Дружок яростно затявкал, и зверь юркнул в нору...
- Что же ты! - укоризненно сказал дядя Миша. - Удержать не мог?
Пашка сконфуженно оправдывался: Дружок всего его исцарапал,
стараясь вырваться, и изловчился-таки - высвободил свою морду, которую
Пашка все время сжимал обеими руками.
- Давайте выгоним зверя, - сказал Пашка. - Раздразним - и
выгоним.
- Ну, брат, теперь не выгонишь. Это барсук. У него нора глубокая,
и в ней несколько отнорков. Он убежит, прежде чем до него доберешься.
Да и пора возвращаться.
Сверху падали лишь слабые блики отраженного лунного света, и нам
приходилось продвигаться почти ощупью, раздвигая руками кусты. Только
там, где деревья стояли редко, лунный свет прорывался к земле и на
фоне непроглядной тьмы резко выделялись посеребренные луной сучья и
стволы.
В ночном лесу шла какая-то таинственная жизнь, со всех сторон
доносились непонятные скрипы и шорохи. Мы ничего не видели, а нас,
наверно, видело и, может быть, подстерегало таежное зверье, и если
смотреть в сторону, то начинало казаться, что прямо на тебя, в упор,
смотрят чьи-то мерцающие глаза.
Катеринка, наверно, сильно трусила, потому что старалась
держаться как можно ближе ко мне.
Мы переходили небольшую поляну, как вдруг прямо над нами
мелькнула какая-то тень и потом немного дальше раздался дикий вопль,
от которого кожа на голове у меня сжалась и одеревенела.
Катеринка вцепилась в меня обеими руками:
- Ой, кто это?
- Не бойся, Катя! - обернулся дядя Миша. - Это филин.

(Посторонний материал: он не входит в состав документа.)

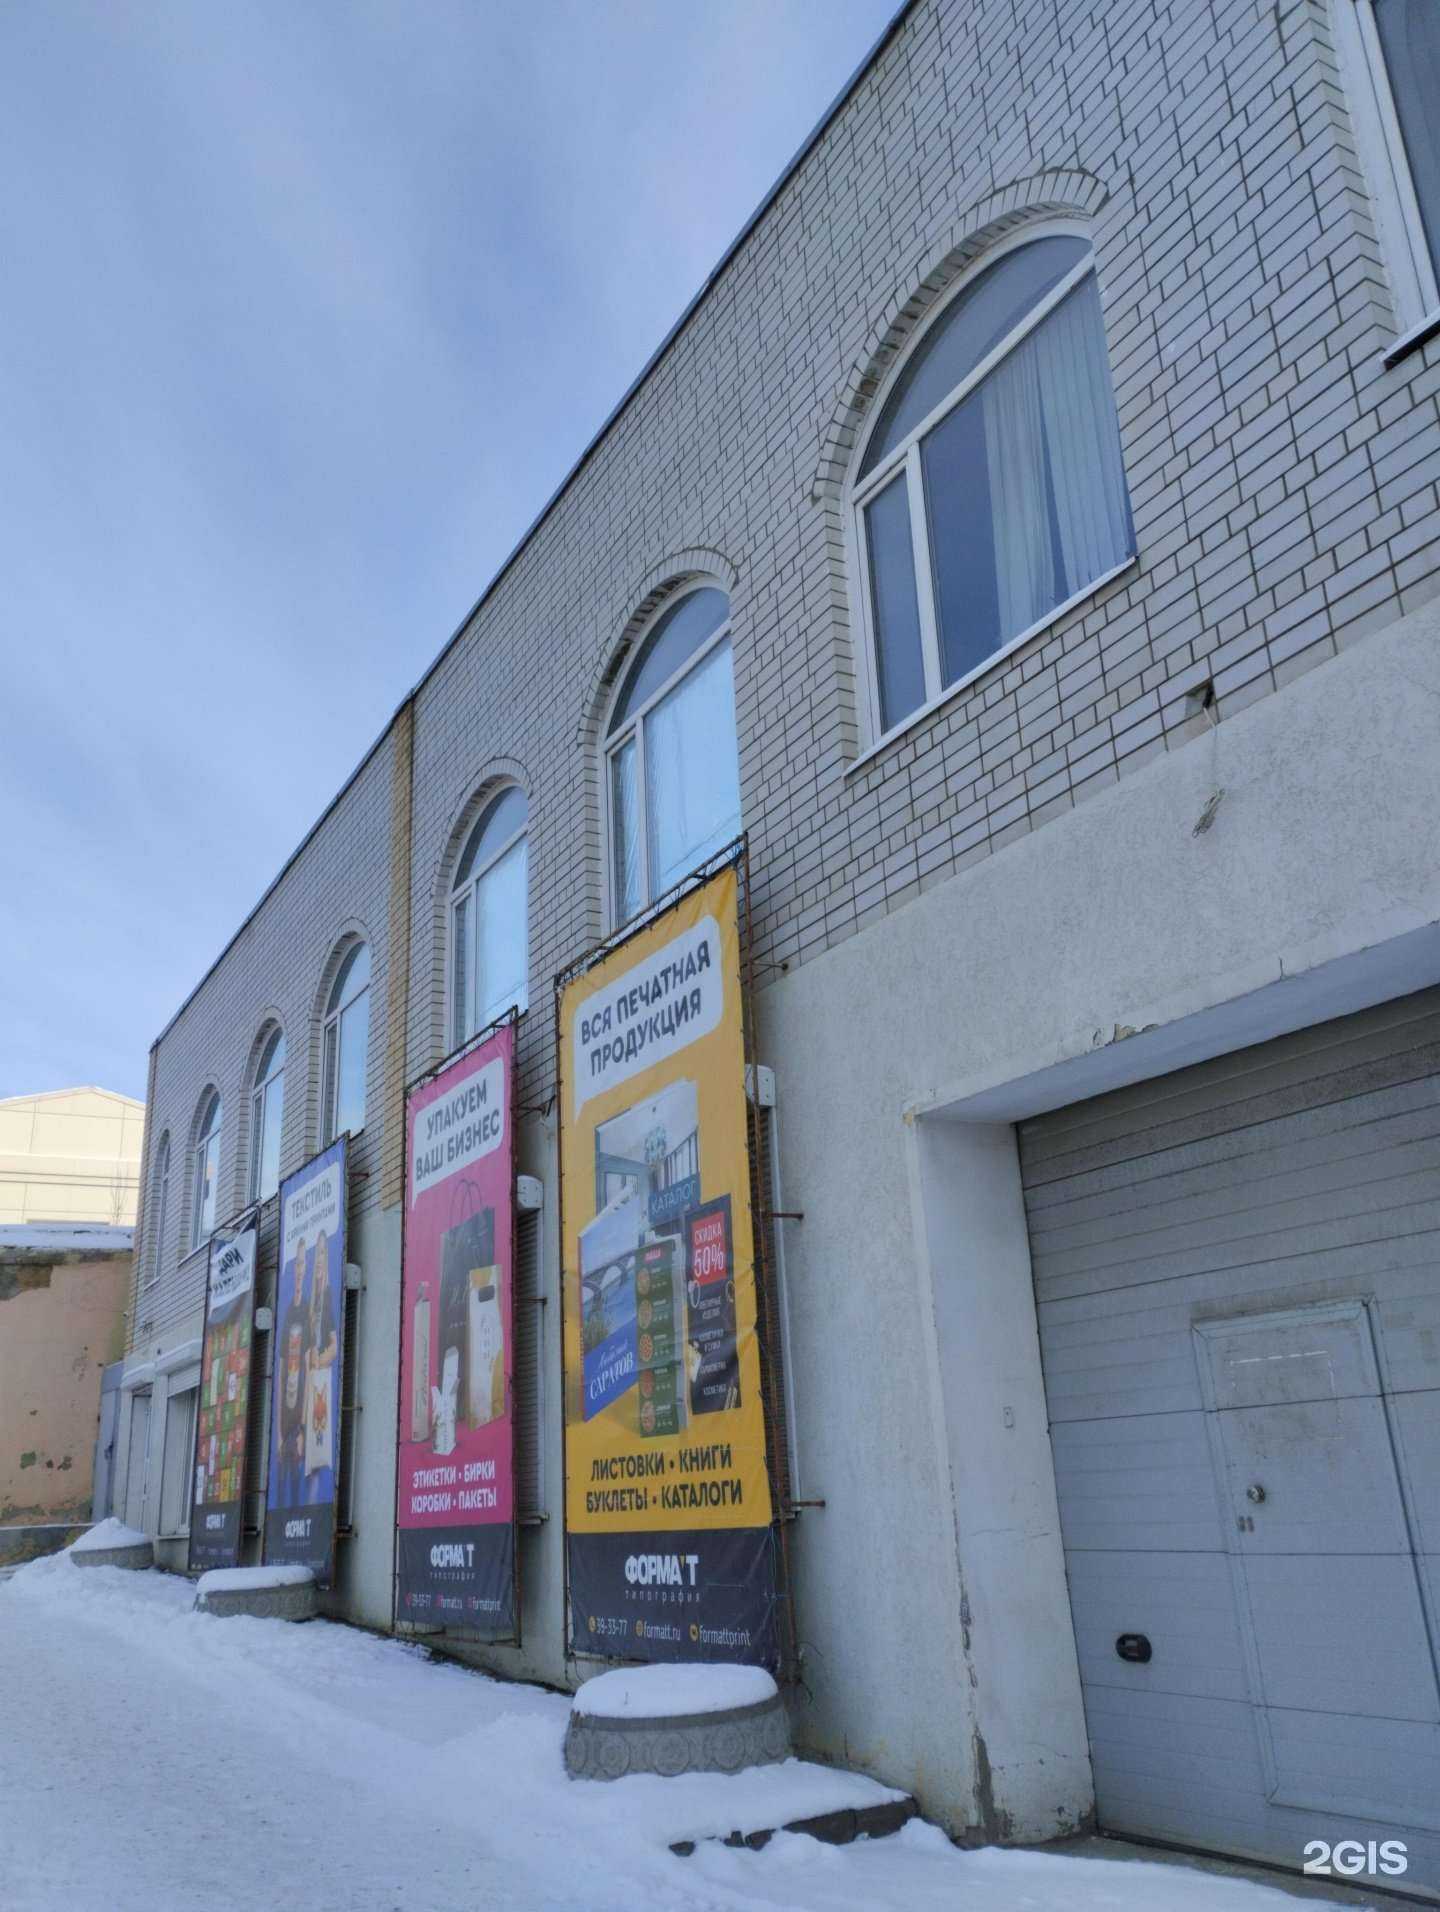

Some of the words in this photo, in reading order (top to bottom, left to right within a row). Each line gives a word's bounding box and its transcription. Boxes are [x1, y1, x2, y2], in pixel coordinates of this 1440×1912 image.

- Я не боюсь, - еле слышно ответила Катеринка и перестала за меня
держаться.
Но она все-таки боялась. Я взял ее за руку и сказал:
- Я знаю, что ты не боишься. Ты просто не привыкла, вот тебе и
жутко. Держи мою руку, и пойдем вместе. Хорошо?
Катеринка ничего не ответила, но руку не отняла, и я понял, что
она только стеснялась сказать, а теперь ей не так страшно. Рука у нее
совсем маленькая и тоненькая, и я подумал, что все-таки она герой,
потому что вот пошла в экспедицию, не побоялась; а если ей немного и
страшно, то это ничего - она же девочка, слабее нас, ребят, и мы
должны ее защищать и оберегать. Мне уже начали видеться всякие
приключения и опасности, которым подвергается Катеринка, и как мы ее
спасаем, и главным спасителем оказывался я...

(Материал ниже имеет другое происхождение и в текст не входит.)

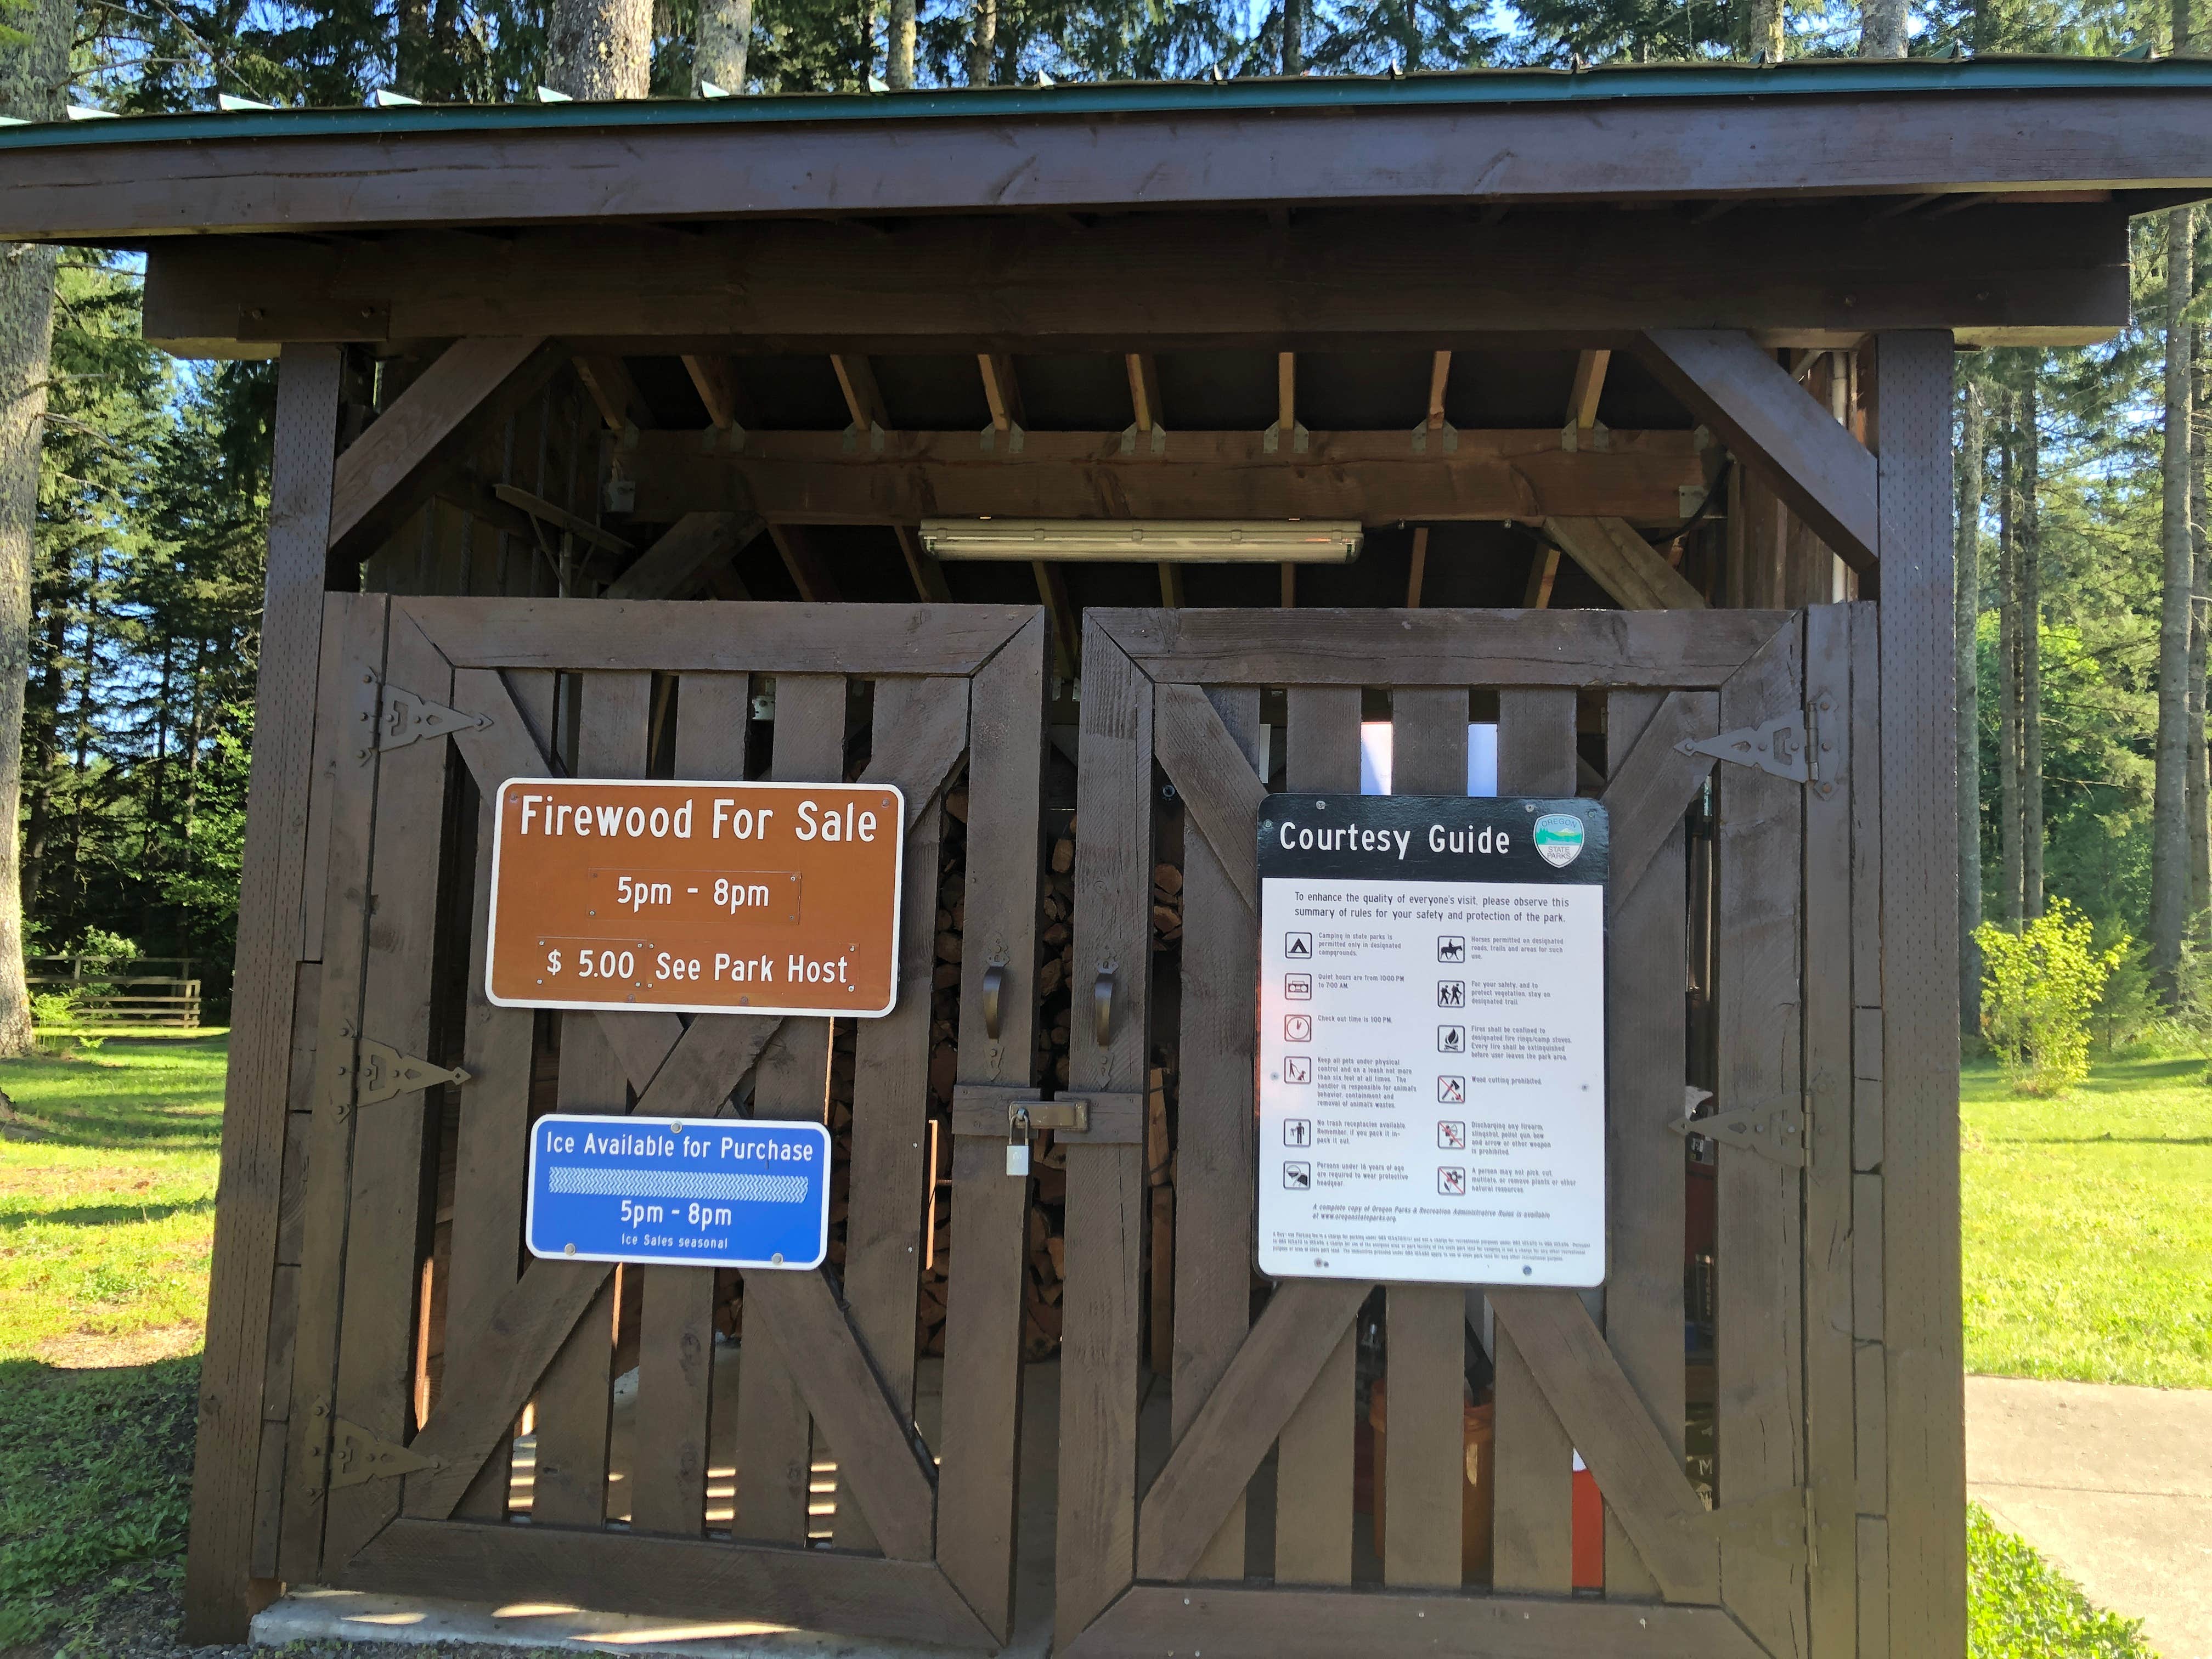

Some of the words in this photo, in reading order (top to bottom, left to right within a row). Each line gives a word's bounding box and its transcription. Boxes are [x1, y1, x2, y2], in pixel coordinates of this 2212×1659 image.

[521, 796, 692, 837] Firewood
[713, 799, 774, 839] For
[795, 802, 877, 841] Sale
[1542, 818, 1577, 828] OREGON
[1280, 822, 1411, 860] Courtesy
[1429, 825, 1510, 853] Guide
[617, 877, 672, 912] 5pm
[713, 879, 769, 913] 8pm
[1295, 891, 1304, 901] To
[1307, 893, 1342, 901] enhance
[1346, 893, 1359, 902] the
[1363, 894, 1393, 905] quality
[1397, 894, 1406, 903] of
[1409, 896, 1455, 906] everyone's
[1482, 896, 1510, 907] please
[1514, 898, 1548, 906] observe
[1552, 898, 1569, 907] this
[1295, 909, 1335, 918] summary
[1339, 907, 1347, 917] of
[1351, 909, 1372, 917] rules
[1375, 909, 1388, 917] for
[1392, 911, 1412, 921] your
[1416, 910, 1443, 922] safety
[1447, 911, 1463, 919] and
[1466, 912, 1510, 922] protection
[1514, 912, 1522, 921] of
[1526, 912, 1540, 921] the
[1544, 913, 1566, 924] park.
[1318, 932, 1343, 940] Camping
[1369, 933, 1385, 941] parks
[1492, 936, 1521, 945] permitted
[1532, 937, 1564, 946] designated
[1318, 941, 1346, 949] permitted
[1347, 941, 1361, 950] only
[1370, 941, 1401, 950] designated
[546, 950, 561, 977] $
[578, 950, 634, 978] 5.00
[656, 952, 701, 980] See
[714, 953, 774, 981] Park
[788, 955, 848, 983] Host
[1471, 989, 1493, 997] protect
[1528, 990, 1542, 998] stay
[1471, 997, 1503, 1006] designated
[1471, 1034, 1503, 1042] designated
[1471, 1042, 1488, 1051] Every
[1527, 1044, 1565, 1053] extinguished
[1317, 1057, 1331, 1065] Keep
[1342, 1057, 1354, 1065] pets
[1375, 1058, 1400, 1066] physical
[1538, 1053, 1551, 1061] park
[1488, 1077, 1509, 1085] cutting
[1348, 1084, 1381, 1092] responsible
[546, 1132, 574, 1153] Ice
[584, 1132, 674, 1156] Available
[683, 1136, 712, 1158] for
[721, 1137, 813, 1160] Purchase
[620, 1200, 663, 1229] 5pm
[688, 1203, 731, 1231] 8pm
[622, 1233, 638, 1245] Ice
[644, 1234, 673, 1246] Sales
[678, 1238, 727, 1249] seasonal

Катеринка вырвала руку и побежала вперед. Между деревьями
пробивался свет лагерного костра, и лес сразу перестал казаться
таинственным и страшным.
Мы начали рассказывать и показывать Геньке, как танцевал барсук,
и подняли такую возню, что дядя Миша даже прикрикнул на нас и
скомандовал ложиться спать. Мы улеглись на пахучий, приятно
покалывающий лапник, но долго не могли уснуть. За камнями озабоченно
бормотала Тыжа, пофыркивала Звездочка. Пламя костра то притухало - и
тогда казалось, что темные стволы сливаются в сплошную стену и
крадучись подбираются к нам, то вскидывалось длинными языками, тьма
отпрыгивала назад, и стволы деревьев опять застывали неподвижными
строгими колоннами.
Все это было знакомо и вместе с тем ново и необычно: ведь мы
находились сейчас вдали от дома, в научной экспедиции, которая еще
только началась и пока ничего особенного не принесла. Но кто знает,
что она сулила впереди!
Генька лежал на спине и, глядя на редкие звезды, чему-то
улыбался. Должно быть, он думал о том же, что и я. Катеринка не
отрываясь смотрела на костер; в больших черных зрачках ее вспыхивали и
гасли веселые огоньки. Пашка громко и деловито сопел - он давно уже
спал...

    ПОТОП



Утром Генька растолкал меня, мы схватили полотенца и вместе с
дядей Мишей побежали к Тыже. Катеринка разжигала костер, а Пашка
собирался варить кашу.
Вода была прямо колючая от холода. Мы все-таки разок окунулись,
но сразу замерзли так, что зубы начали стучать, и побежали обратно.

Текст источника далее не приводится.